REQUIRED ACTION. Transcribe each entry exactly; skip the images.
== INPUT MATERIAL
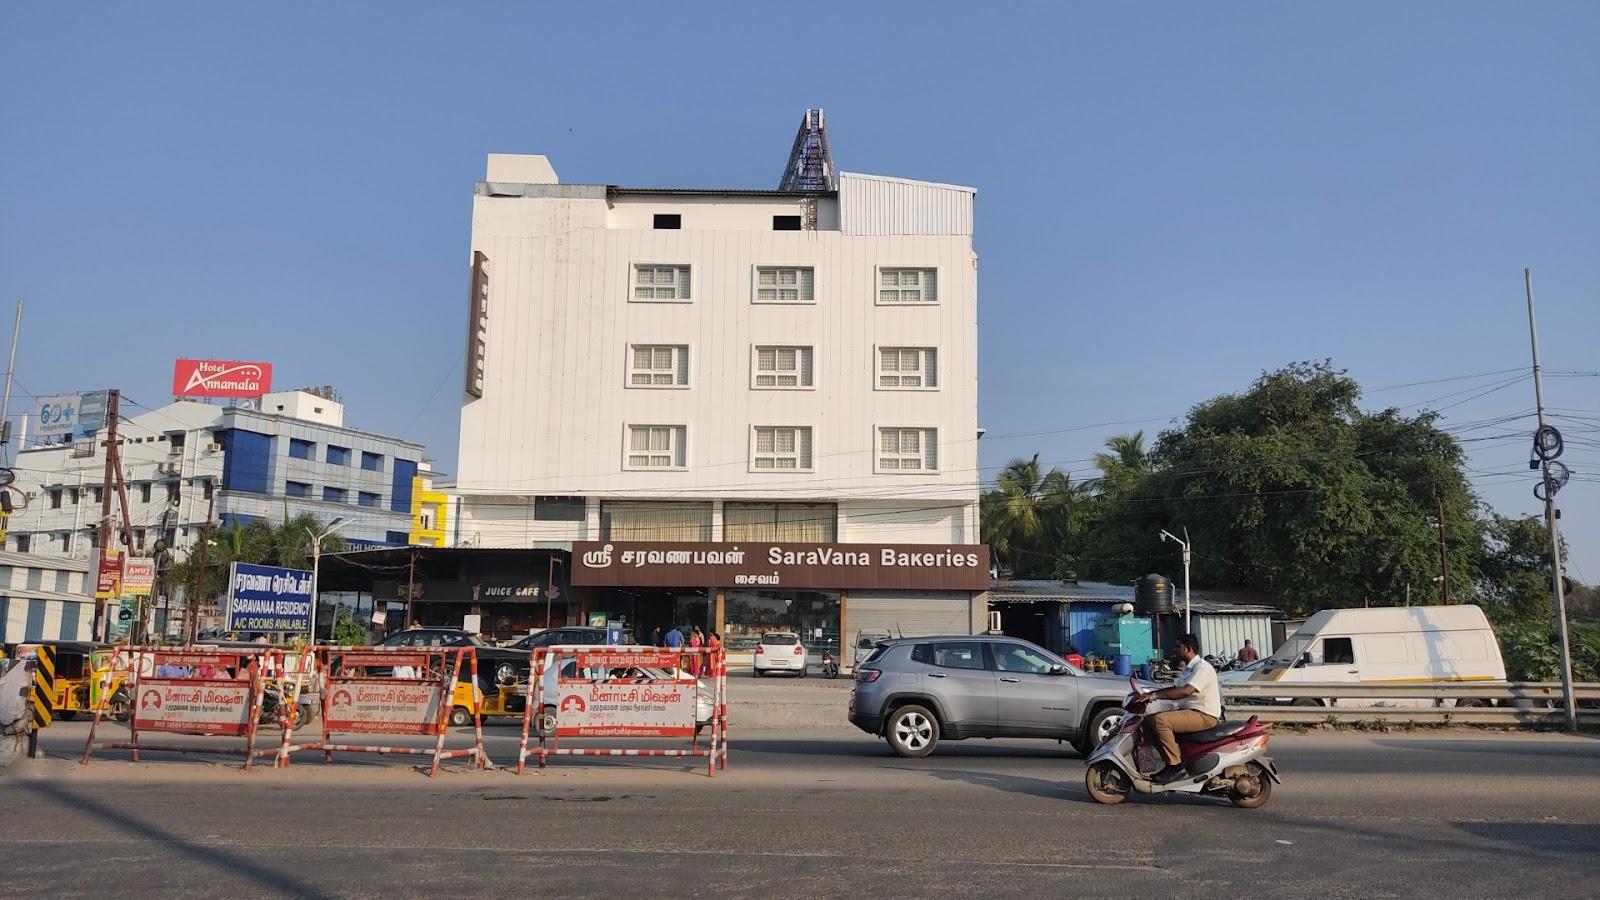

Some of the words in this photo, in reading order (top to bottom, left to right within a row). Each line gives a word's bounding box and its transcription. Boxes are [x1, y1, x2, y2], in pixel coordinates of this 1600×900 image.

[199, 362, 225, 372] Hotel
[183, 368, 259, 393] Annamalai
[583, 544, 614, 568] ஸ்ரீ
[620, 546, 745, 568] சரவணபவன்
[768, 547, 870, 566] SaraVana
[881, 549, 978, 567] Bakeries
[235, 573, 273, 593] சரவணா
[734, 571, 780, 585] சைவம்
[485, 587, 512, 597] JUICE
[515, 587, 540, 597] CAFE
[233, 598, 275, 615] SARAVANAA
[275, 601, 311, 616] RESIDENCY
[234, 617, 247, 629] A/C
[248, 617, 274, 630] ROOMS
[274, 619, 307, 630] AVAILABLE
[165, 688, 203, 703] மீனாட்சி
[357, 687, 395, 704] மீனாட்சி
[589, 686, 639, 703] மீனாட்சி
====
ANSWER TO THIS EXERCISE.
Some of the words in this photo, in reading order (top to bottom, left to right within a row). Each line gives a word's bounding box and its transcription. Boxes are [x1, y1, x2, y2], in pixel coordinates of this 1600×900 image.

[199, 362, 225, 372] Hotel
[183, 368, 259, 393] Annamalai
[583, 544, 614, 568] ஸ்ரீ
[620, 546, 745, 568] சரவணபவன்
[768, 547, 870, 566] SaraVana
[881, 549, 978, 567] Bakeries
[235, 573, 273, 593] சரவணா
[734, 571, 780, 585] சைவம்
[485, 587, 512, 597] JUICE
[515, 587, 540, 597] CAFE
[233, 598, 275, 615] SARAVANAA
[275, 601, 311, 616] RESIDENCY
[234, 617, 247, 629] A/C
[248, 617, 274, 630] ROOMS
[274, 619, 307, 630] AVAILABLE
[165, 688, 203, 703] மீனாட்சி
[357, 687, 395, 704] மீனாட்சி
[589, 686, 639, 703] மீனாட்சி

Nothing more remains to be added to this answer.